Chronische Schmerzen
ICD-Codes: R52.1 R52.2 F45.41 Was ist der ICD-Code?
Chronische Schmerzen können das Leben schwer machen. Nicht immer lässt sich die Ursache beseitigen. Die Therapie setzt auf mehreren Ebenen an und hat das Ziel, die Schmerzen zu verringern und die Lebensqualität zu verbessern.
Auf einen Blick
- Von chronischen Schmerzen spricht man meist, wenn sie länger als 3 Monate anhalten.
- Sie können unter anderem durch eine Fehlfunktion des Nervensystems oder chronische Entzündungen entstehen.
- Chronische Schmerzen wirken in alle Lebensbereiche hinein und können den Alltag sehr belasten.
- Um chronischen Schmerzen vorzubeugen, sollte man akute Schmerzen von Anfang an wirksam behandeln.

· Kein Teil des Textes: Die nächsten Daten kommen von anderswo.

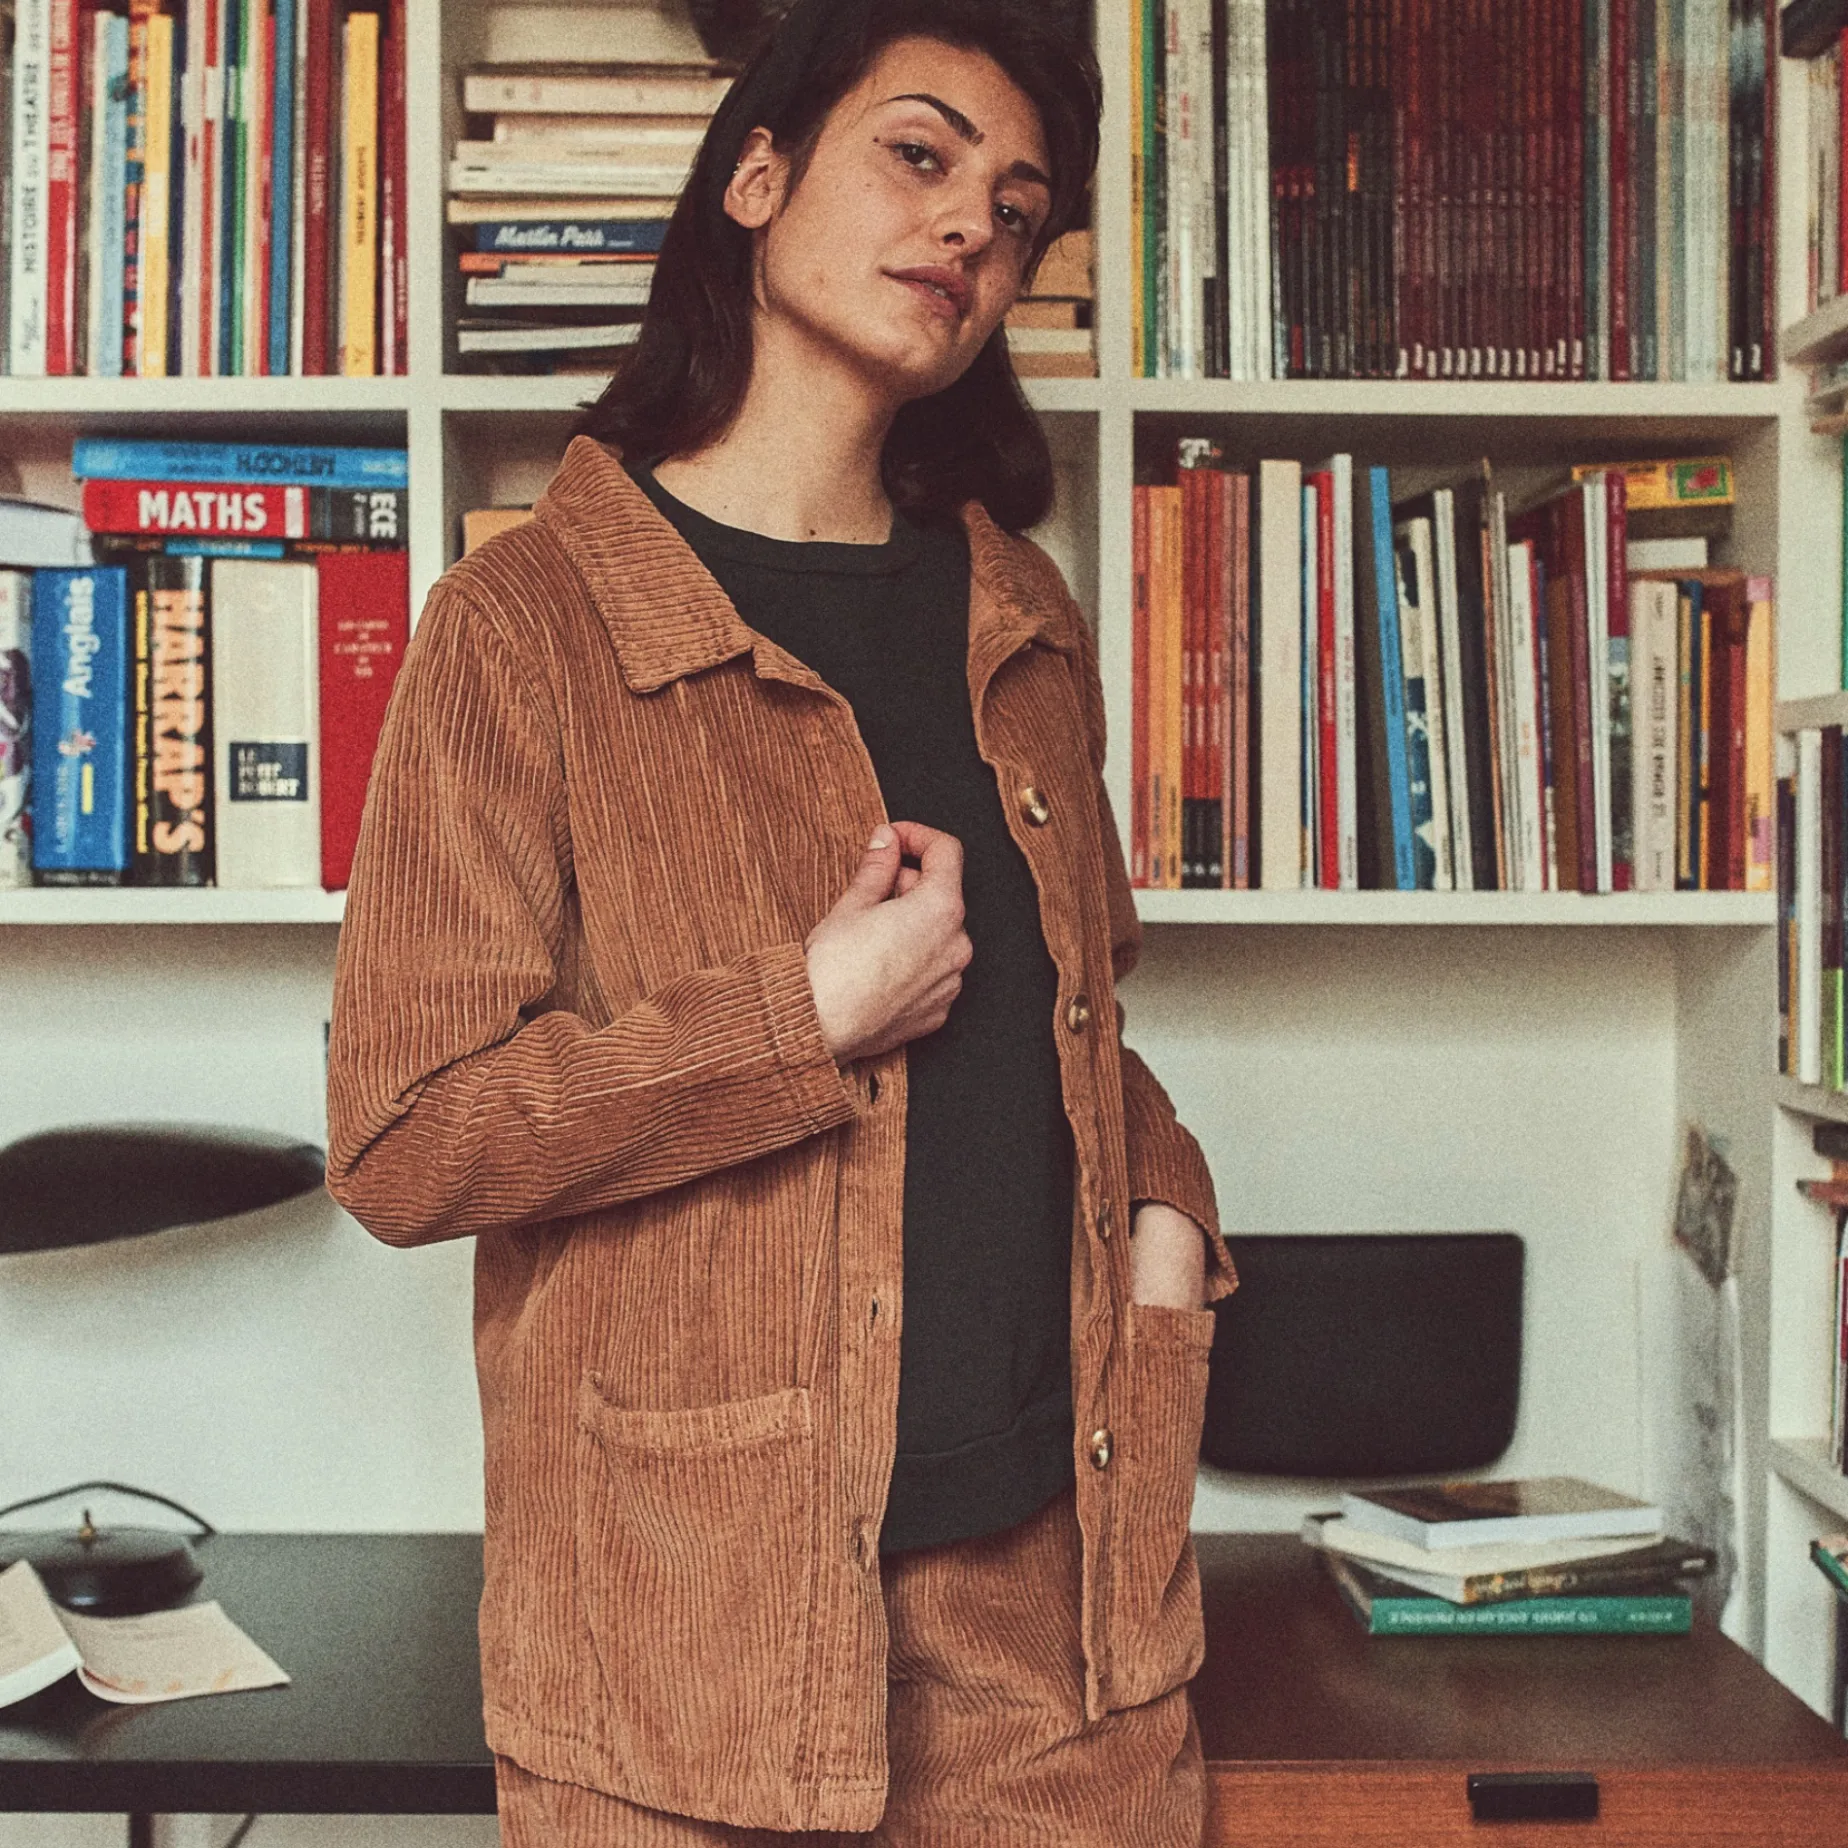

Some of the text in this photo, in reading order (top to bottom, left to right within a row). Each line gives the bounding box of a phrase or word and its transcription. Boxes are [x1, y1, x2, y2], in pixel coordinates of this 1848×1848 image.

[22, 185, 38, 274] HISTOIRE
[137, 490, 267, 531] MATHS
[370, 492, 397, 539] ECE
[63, 577, 100, 698] Anglais
[152, 589, 206, 855] HARRAP'S

- Die Behandlung chronischer Schmerzen setzt auf mehreren Ebenen an und berücksichtigt neben den körperlichen Faktoren auch die individuelle psychische und soziale Situation (biopsychosoziales Modell).
Hinweis: Die Informationen dieses Artikels können und sollen einen Arztbesuch nicht ersetzen und dürfen nicht zur Selbstdiagnostik oder -behandlung verwendet werden.

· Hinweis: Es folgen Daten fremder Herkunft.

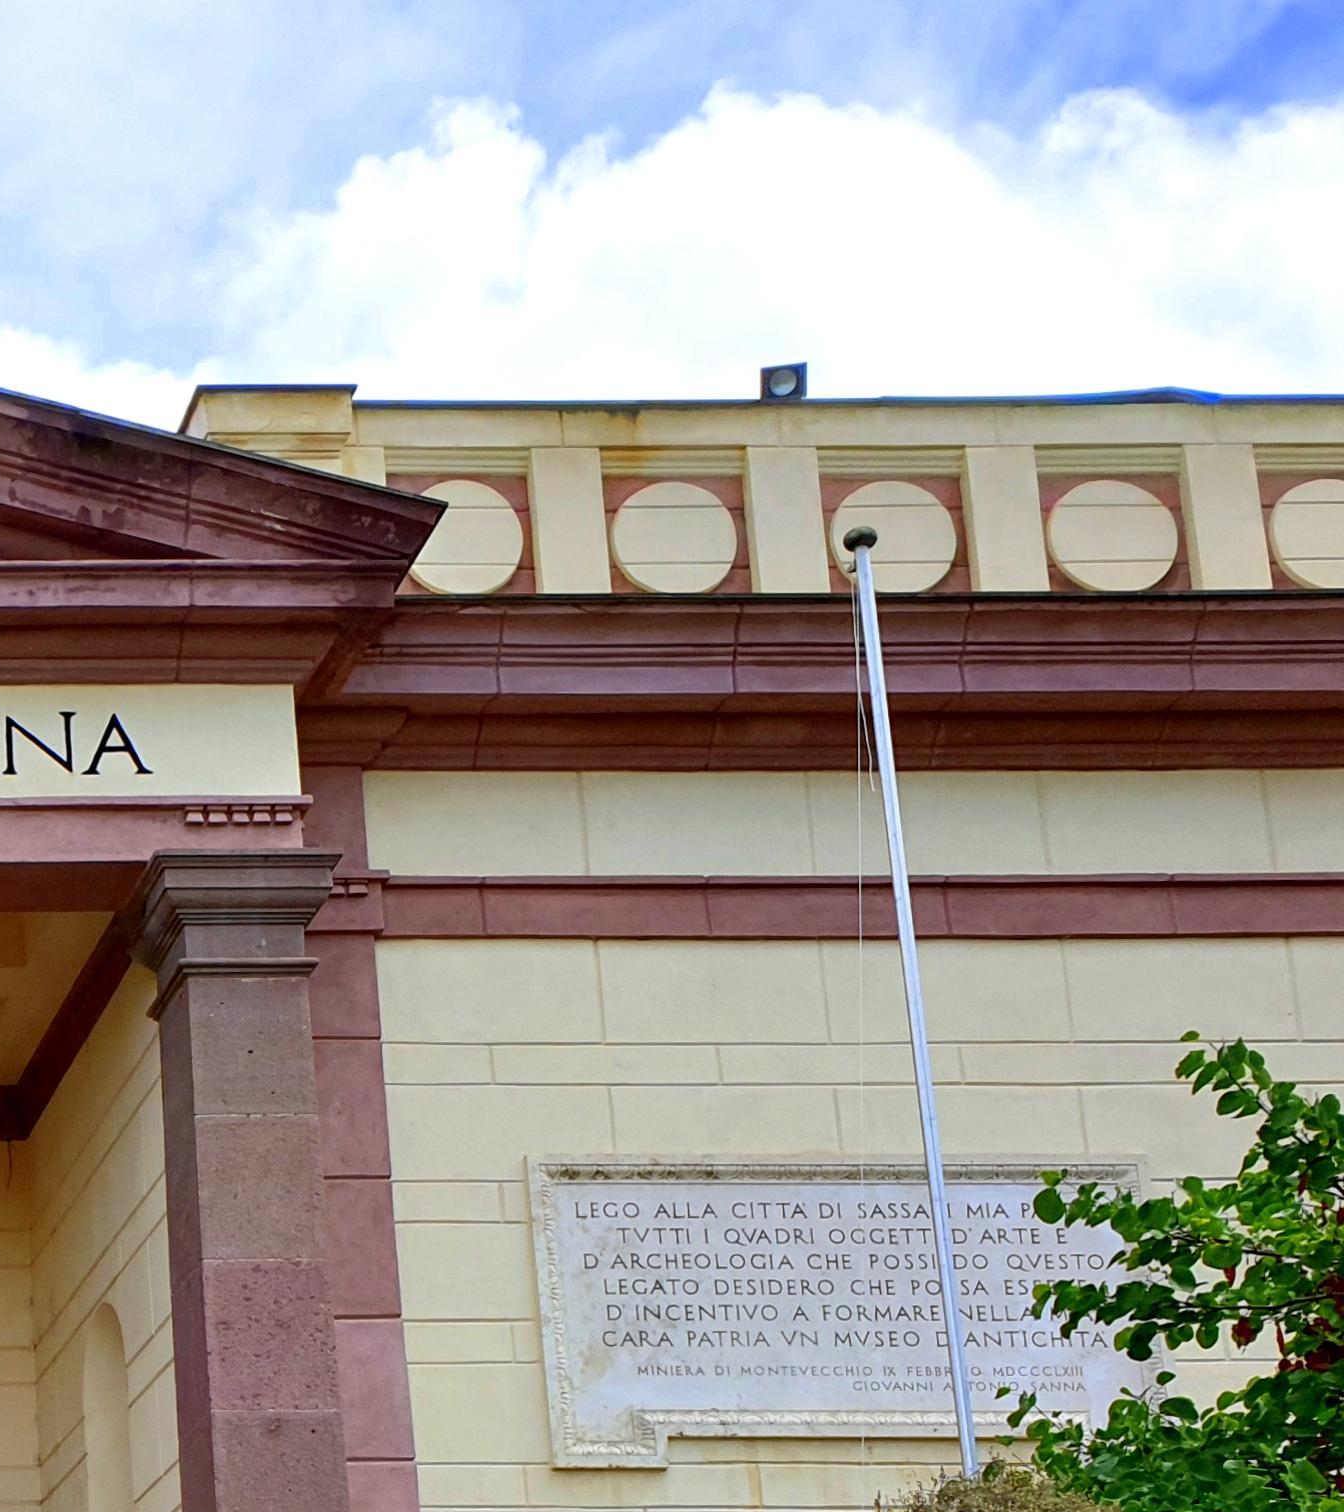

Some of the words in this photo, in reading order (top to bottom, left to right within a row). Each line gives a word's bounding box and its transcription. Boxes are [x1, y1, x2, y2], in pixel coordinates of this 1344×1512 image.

[574, 1202, 641, 1220] LEGO
[653, 1202, 719, 1220] ALLA
[818, 1202, 842, 1220] DI
[857, 1202, 952, 1220] SASSAI
[966, 1202, 1010, 1220] MIA
[616, 1227, 691, 1245] TVTTI
[703, 1227, 710, 1245] I
[723, 1227, 816, 1247] QVADRI
[828, 1227, 938, 1245] OGGETT
[1056, 1227, 1068, 1245] E
[806, 1252, 853, 1270] CHE
[869, 1252, 989, 1270] POSSIDO
[1006, 1252, 1105, 1272] QVESTO
[603, 1278, 700, 1296] LEGATO
[714, 1278, 835, 1296] DESIDERO
[850, 1278, 896, 1296] CHE
[911, 1278, 990, 1296] POSA
[792, 1304, 810, 1322] A
[822, 1304, 942, 1322] FORMARE
[601, 1329, 674, 1348] CARA
[687, 1329, 771, 1348] PATRIA
[780, 1329, 819, 1348] VN
[834, 1329, 921, 1348] MVSEO
[637, 1365, 705, 1377] MINIERA
[714, 1365, 731, 1377] DI
[740, 1365, 873, 1377] MONTEVECCHIO
[883, 1365, 897, 1377] IX
[906, 1365, 982, 1377] FEBBRIO
[853, 1380, 934, 1392] GIOVANNI
[942, 1380, 1020, 1392] ATONIO
[1030, 1380, 1087, 1392] SANNA

Was sind chronische Schmerzen?
Schmerzen sind einer der häufigsten Gründe, warum Menschen ärztlichen Rat einholen. Man spricht meist von chronischen Schmerzen, wenn:
- sie länger als 3 Monate anhalten oder
- nach einer Verletzung oder anderen Gewebsschädigung Schmerzen bestehen bleiben, obwohl die Ursache abgeheilt ist
Chronische Schmerzen können als Dauerschmerz bestehen oder auch wiederkehrend auftreten. Schmerzen werden individuell sehr unterschiedlich wahrgenommen und können durch soziale und psychische Faktoren beeinflusst werden.

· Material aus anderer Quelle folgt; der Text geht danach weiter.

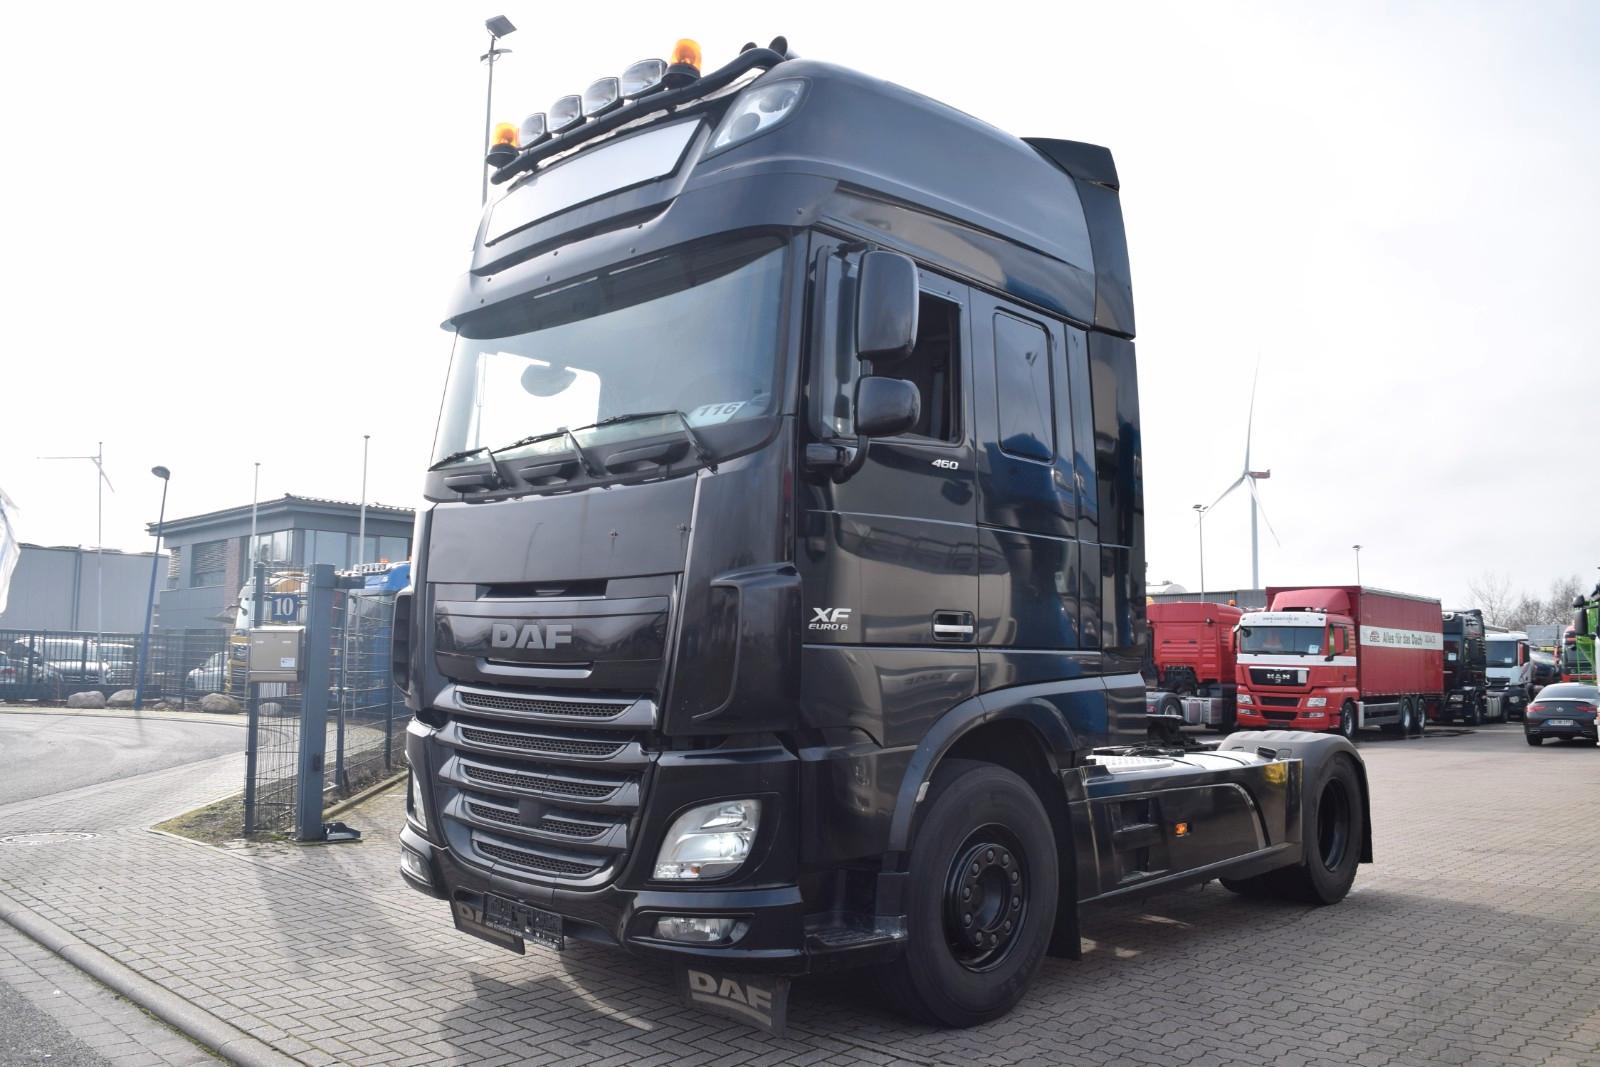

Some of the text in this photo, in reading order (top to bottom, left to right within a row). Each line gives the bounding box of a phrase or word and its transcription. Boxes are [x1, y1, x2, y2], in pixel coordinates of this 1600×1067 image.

Chronische Schmerzen wirken in alle Lebensbereiche hinein und beeinträchtigen die Lebensqualität. Menschen mit chronischen Schmerzen entwickeln häufiger Ängste, depressive Verstimmungen oder Schlafstörungen. Das kann sich negativ auf das Schmerzempfinden und die Schmerzverarbeitung auswirken und die Schmerzen weiter verschlimmern.
Am besten wirkt daher eine Therapie, die neben verschiedenen Medikamenten auch die psychische und soziale Situation der betroffenen Person berücksichtigt.
Wichtig zu wissen: Eine wirksame Behandlung akuter Schmerzen kann der Entstehung chronischer Schmerzen vorbeugen. Nach Operationen ist das besonders wichtig.
Wie machen sich chronische Schmerzen bemerkbar?
Schmerzen äußern sich sehr unterschiedlich. Schmerzen an inneren Organen fühlen sich eher dumpf, tiefliegend oder krampfartig an. Oft kann man nicht sagen, wo genau es wehtut. Schmerzen des Bewegungsapparats sind oft stechend, ziehend oder brennend und lassen sich besser lokalisieren. Schmerzen, die durch Schäden an den Nerven entstehen, können einschießen, anfallsartig auftreten und mit Kribbeln, Taubheitsgefühlen oder einer Überempfindlichkeit einhergehen.
Besonders ältere Menschen haben manchmal Schwierigkeiten, ihre Schmerzen zu beschreiben. Oft sprechen sie von „unangenehmen“ Gefühlen oder Beschwerden. Menschen mit Erkrankungen wie Demenz können Schmerzen oft gar nicht in Worte fassen. Anzeichen für Schmerzen sind dann zum Beispiel:
- ein schmerzhaft verzogenes Gesicht
- Jammern und Stöhnen
- Schutzhaltung der schmerzhaften Region
- angestrengte Atmung
- Verwirrtheit
Welche Ursachen haben chronische Schmerzen?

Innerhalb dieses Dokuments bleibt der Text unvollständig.